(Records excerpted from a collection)
======

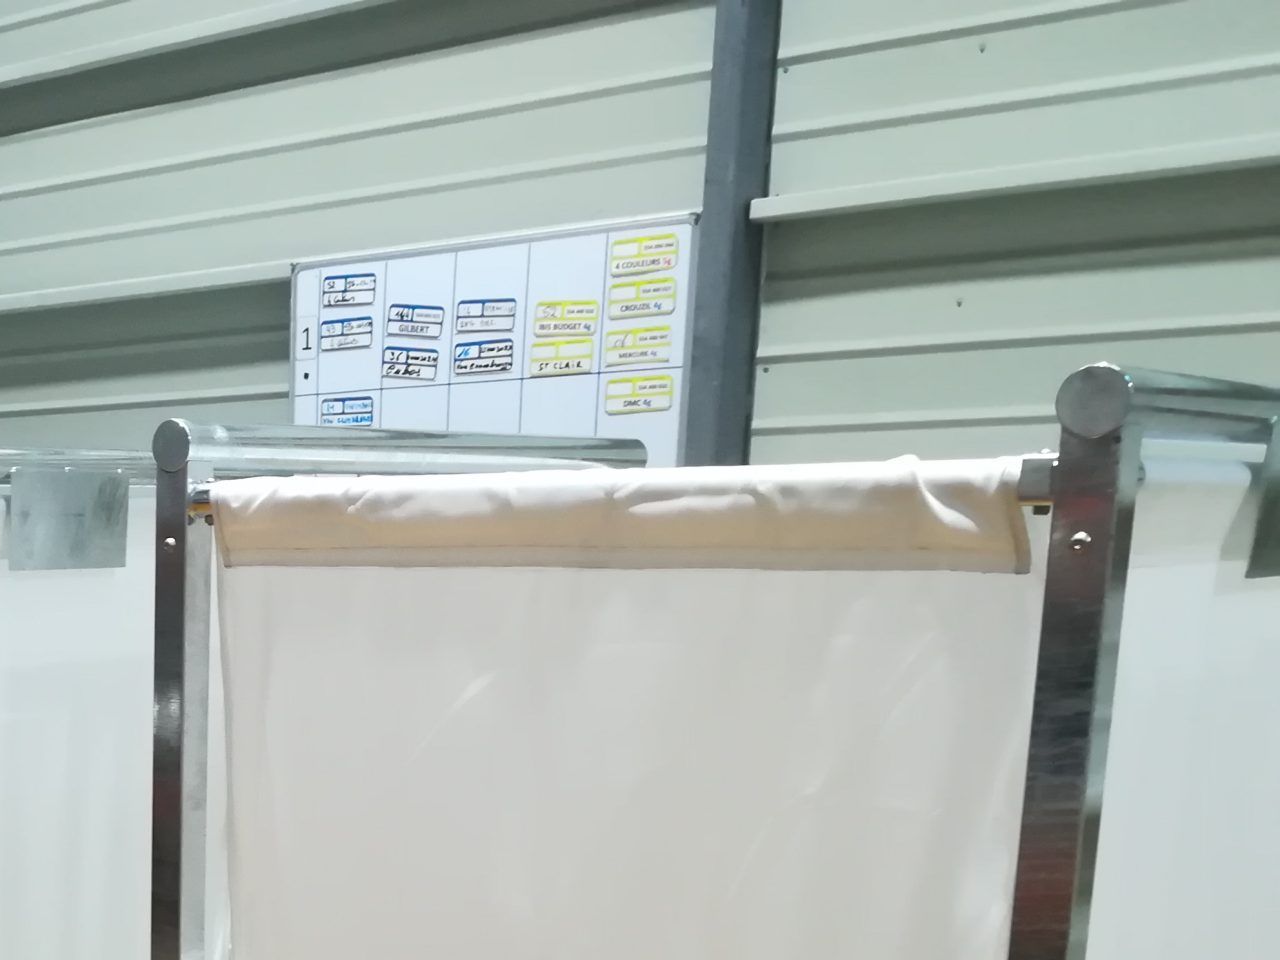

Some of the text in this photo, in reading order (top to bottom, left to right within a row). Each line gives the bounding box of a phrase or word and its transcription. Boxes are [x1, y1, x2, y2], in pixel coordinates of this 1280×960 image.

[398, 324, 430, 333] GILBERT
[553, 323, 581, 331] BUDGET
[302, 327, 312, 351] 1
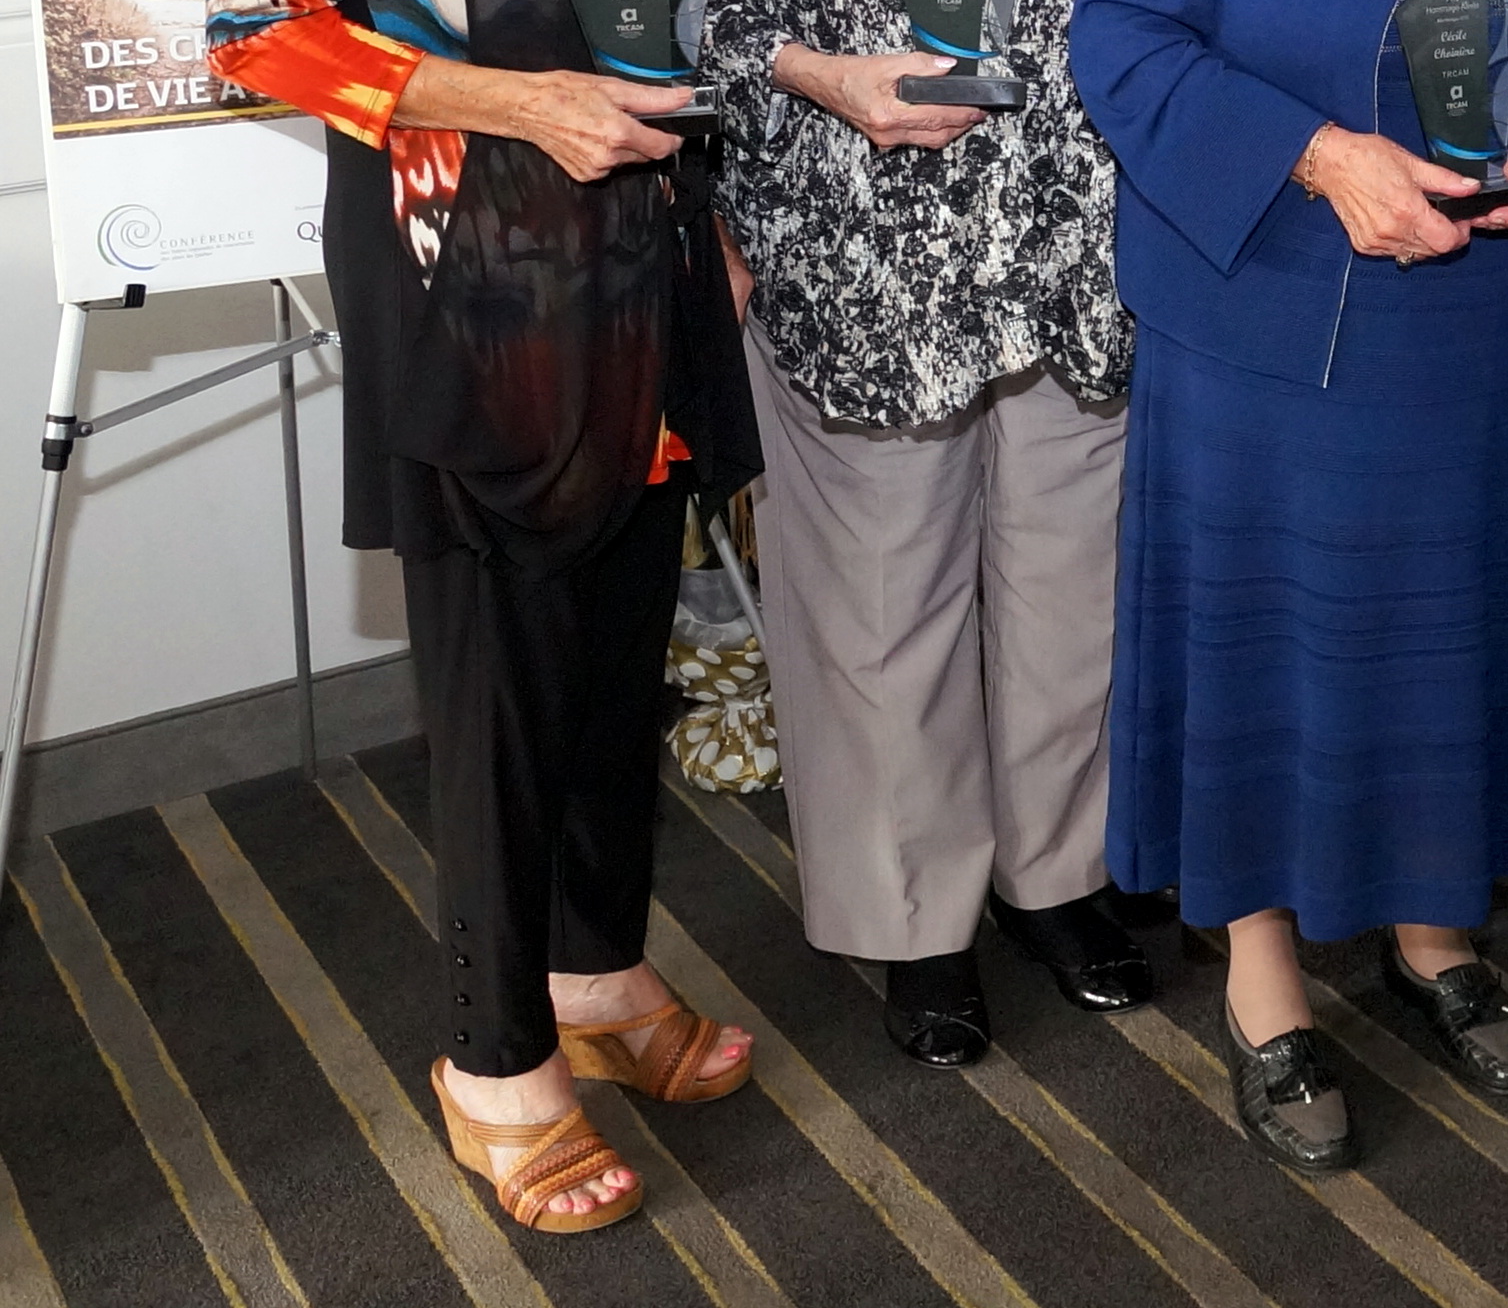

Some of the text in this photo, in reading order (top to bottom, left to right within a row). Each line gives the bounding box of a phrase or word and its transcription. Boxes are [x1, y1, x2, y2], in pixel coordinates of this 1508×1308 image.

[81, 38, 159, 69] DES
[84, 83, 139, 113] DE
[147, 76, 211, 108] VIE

======

What is being asked: Drop the pictures; repeat each entry above exactly.

Solved exercise:
Some of the text in this photo, in reading order (top to bottom, left to right within a row). Each line gives the bounding box of a phrase or word and its transcription. Boxes are [x1, y1, x2, y2], in pixel coordinates of this 1280×960 image.

[398, 324, 430, 333] GILBERT
[553, 323, 581, 331] BUDGET
[302, 327, 312, 351] 1

Some of the text in this photo, in reading order (top to bottom, left to right within a row). Each line gives the bounding box of a phrase or word and its transcription. Boxes are [x1, y1, x2, y2], in pixel coordinates of this 1508×1308 image.

[81, 38, 159, 69] DES
[84, 83, 139, 113] DE
[147, 76, 211, 108] VIE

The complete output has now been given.